To The Nines is the first album by melodic hardcore band Only Crime. It was released by Fat Wreck Chords on July 13, 2004, and features Good Riddance's Russ Rankin, Bane's Aaron Dalbec, and renowned drummer and producer, Bill Stevenson, of Black Flag and Descendents fame.
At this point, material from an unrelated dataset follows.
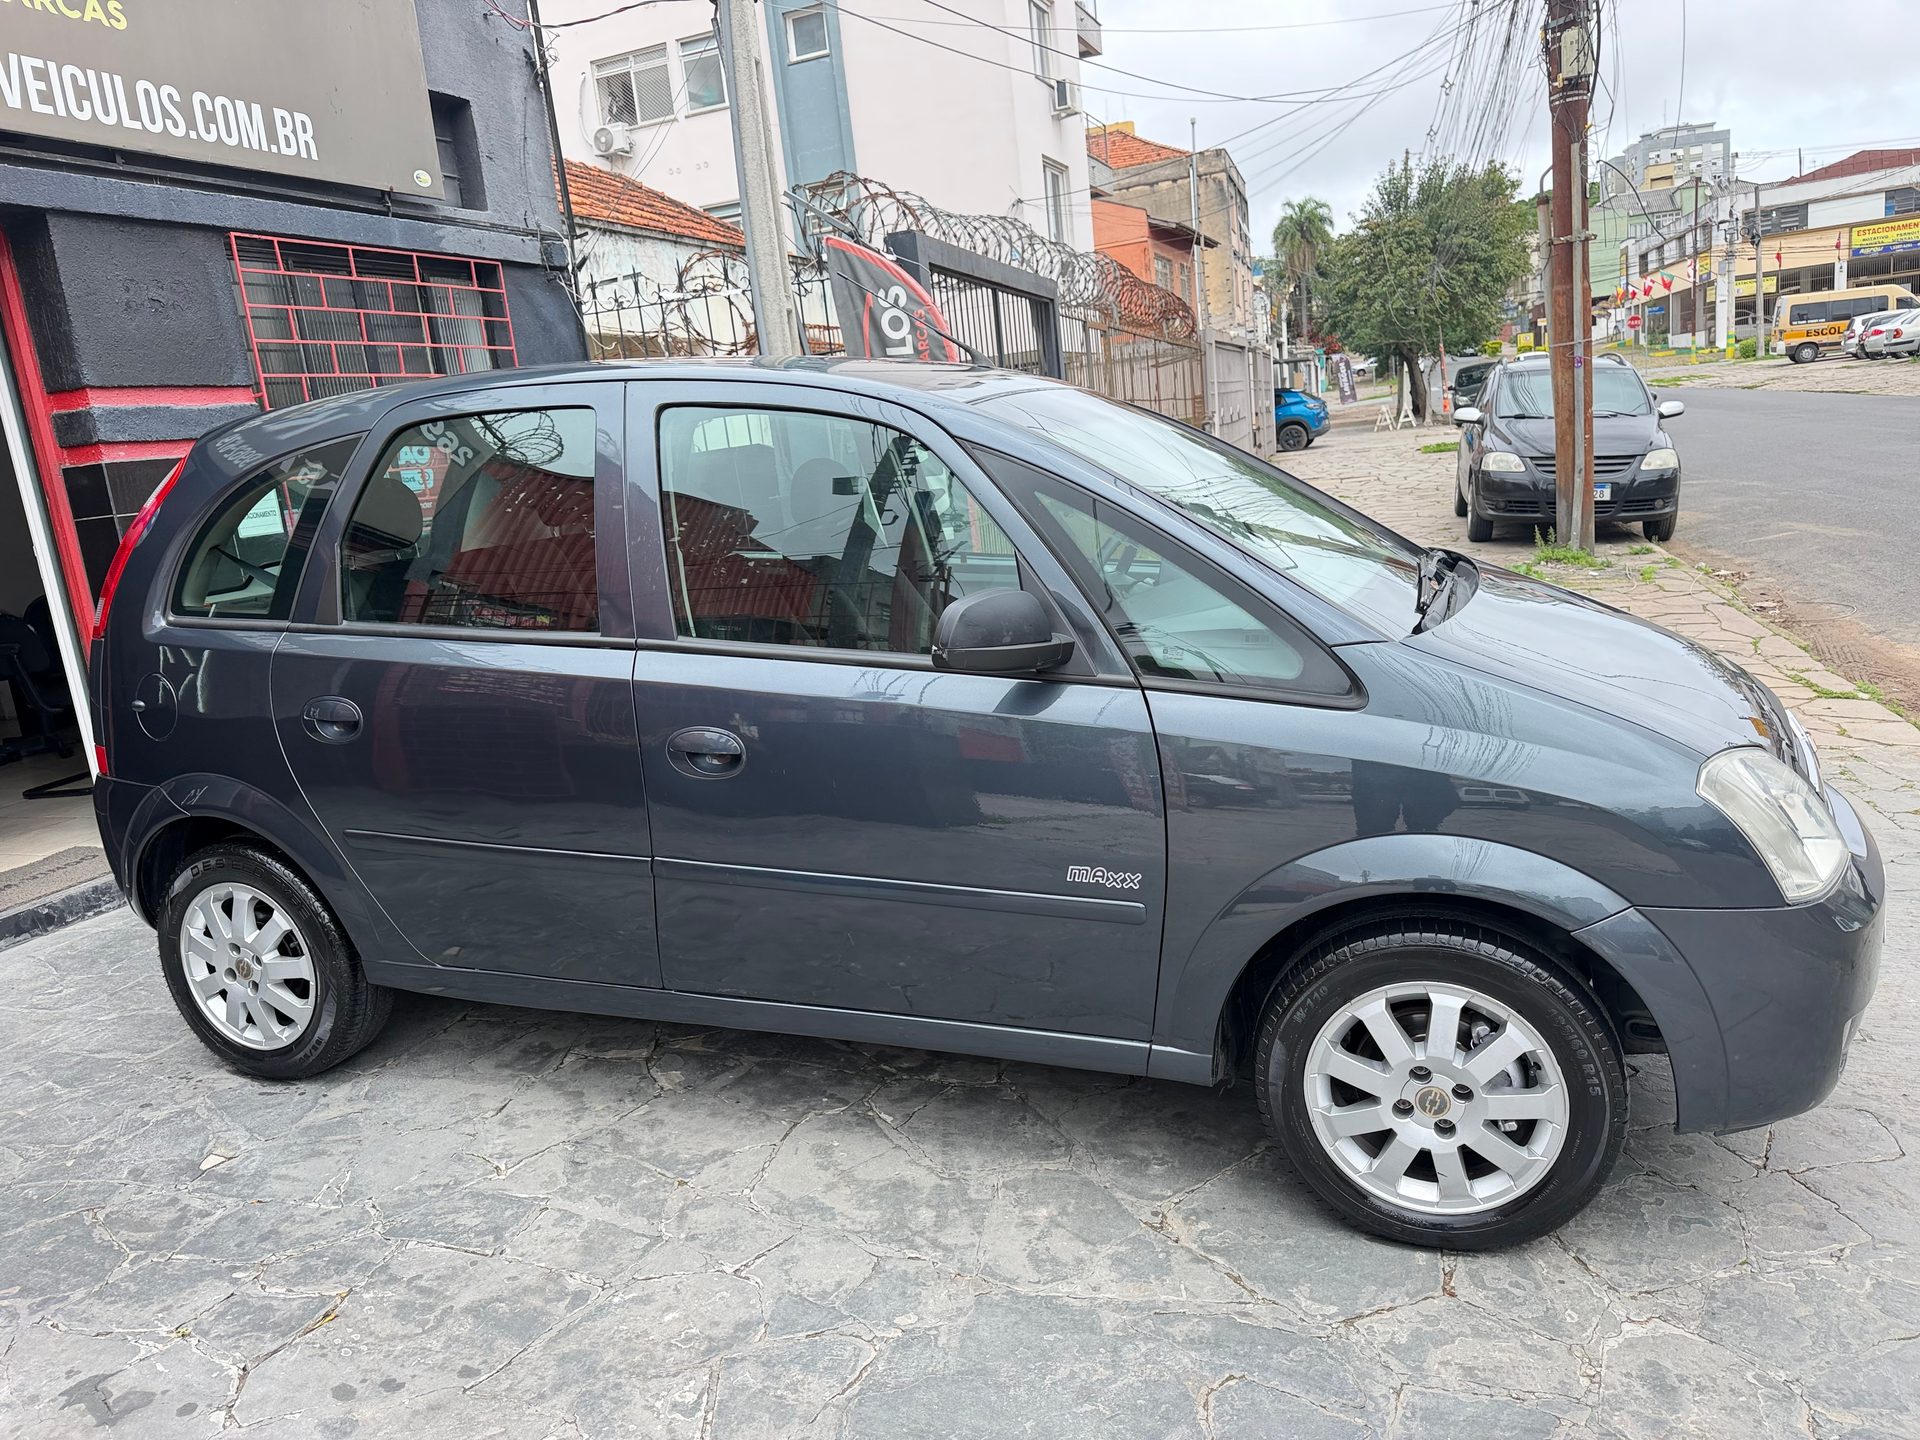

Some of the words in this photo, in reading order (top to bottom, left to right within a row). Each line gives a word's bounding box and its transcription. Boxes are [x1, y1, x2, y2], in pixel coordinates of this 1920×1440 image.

It also features Doni and Zach Blair, brothers who made up half the band Hagfish.

Track listing
All music written by Only Crime, all lyrics by Russ Rankin
 "R.J.R." – 2:04
 "Sedated" – 2:32
 "Doomsday Breach" – 2:08
 "Pray for Me" – 2:36
 "To the Nines" – 2:57
 "Real Enemy" – 2:24
 "Tenebrae" – 2:23
 "Virus" – 2:37
 "The Well" – 2:36
 "On Time" – 3:10
 "Fallen Idols" – 2:41

Credits
 Russ Rankin – vocals
 Zach Blair – guitar
 Aaron Dalbec – guitar
 Doni Blair – bass
 Bill Stevenson – drums
 Recorded in February, 2004 at The Blasting Room, Fort Collins, Colorado
 Produced, engineered, mixed, and mastered by Bill Stevenson and Jason Livermore
 Additional engineering by Andrew Berlin and Brian Kephart

External links
Only Crime official website
Fat Wreck Chords, record label
Good Riddance official website
Bane official website
Bill Stevenson's official website

Only Crime albums
2004 debut albums
Fat Wreck Chords albums
Albums produced by Bill Stevenson (musician)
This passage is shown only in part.